Cephaloscyllium is a genus of catsharks, and part of the family Scyliorhinidae, commonly known as swellsharks because of their ability to inflate their bodies with water or air as a defense against predators. These sluggish, bottom-dwelling sharks are found widely in the tropical and temperate coastal waters of the Indian and Pacific Oceans. They have stocky, spindle-shaped bodies and short, broad, and flattened heads. The mouth is capacious, containing many small teeth and lacking furrows at the corners. The two dorsal fins are placed far back on the body, with the first much larger than the second. Different species have various color patterns of saddles, blotches, reticulations, and/or spots.
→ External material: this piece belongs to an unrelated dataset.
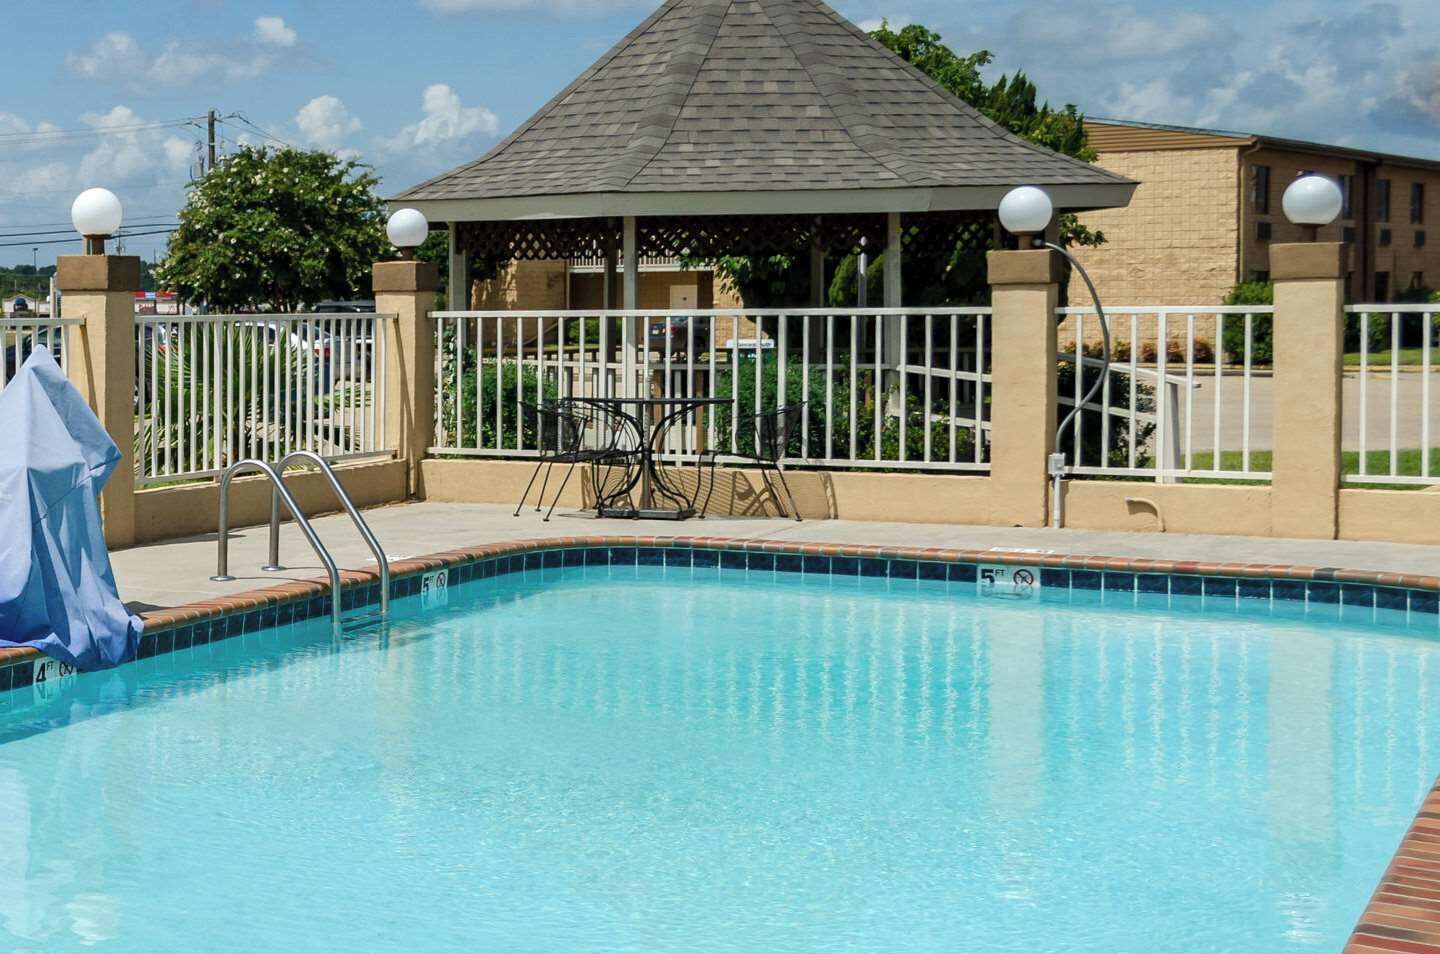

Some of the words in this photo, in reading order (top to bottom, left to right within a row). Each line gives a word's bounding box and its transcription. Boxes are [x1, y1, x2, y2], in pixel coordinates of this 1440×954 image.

The largest members of the genus can grow over 1 m in length. Swellsharks prey on a variety of fishes and invertebrates, and are oviparous, with females producing egg capsules in pairs. They are harmless and have been deemed of having no commercial value.

==Taxonomy==
The genus Cephaloscyllium was proposed by American ichthyologist Theodore Gill from the Greek kephale ("head") and skylion ("dogfish"), in an 1862 issue of Annals of the Lyceum of Natural History of New York. However, most of Gill's contemporaries, particularly those in Europe, preferred to keep the swellsharks within the genus Scyllium (a synonym of Scyliorhinus). Cephaloscyllium did not gain wide acceptance until Samuel Garman published "The Plagiostomia" in a 1913 volume of Memoirs of the Museum of Comparative Zoology, in which he recognized three species: C. isabellum, C. ventriosum, and C. umbratile.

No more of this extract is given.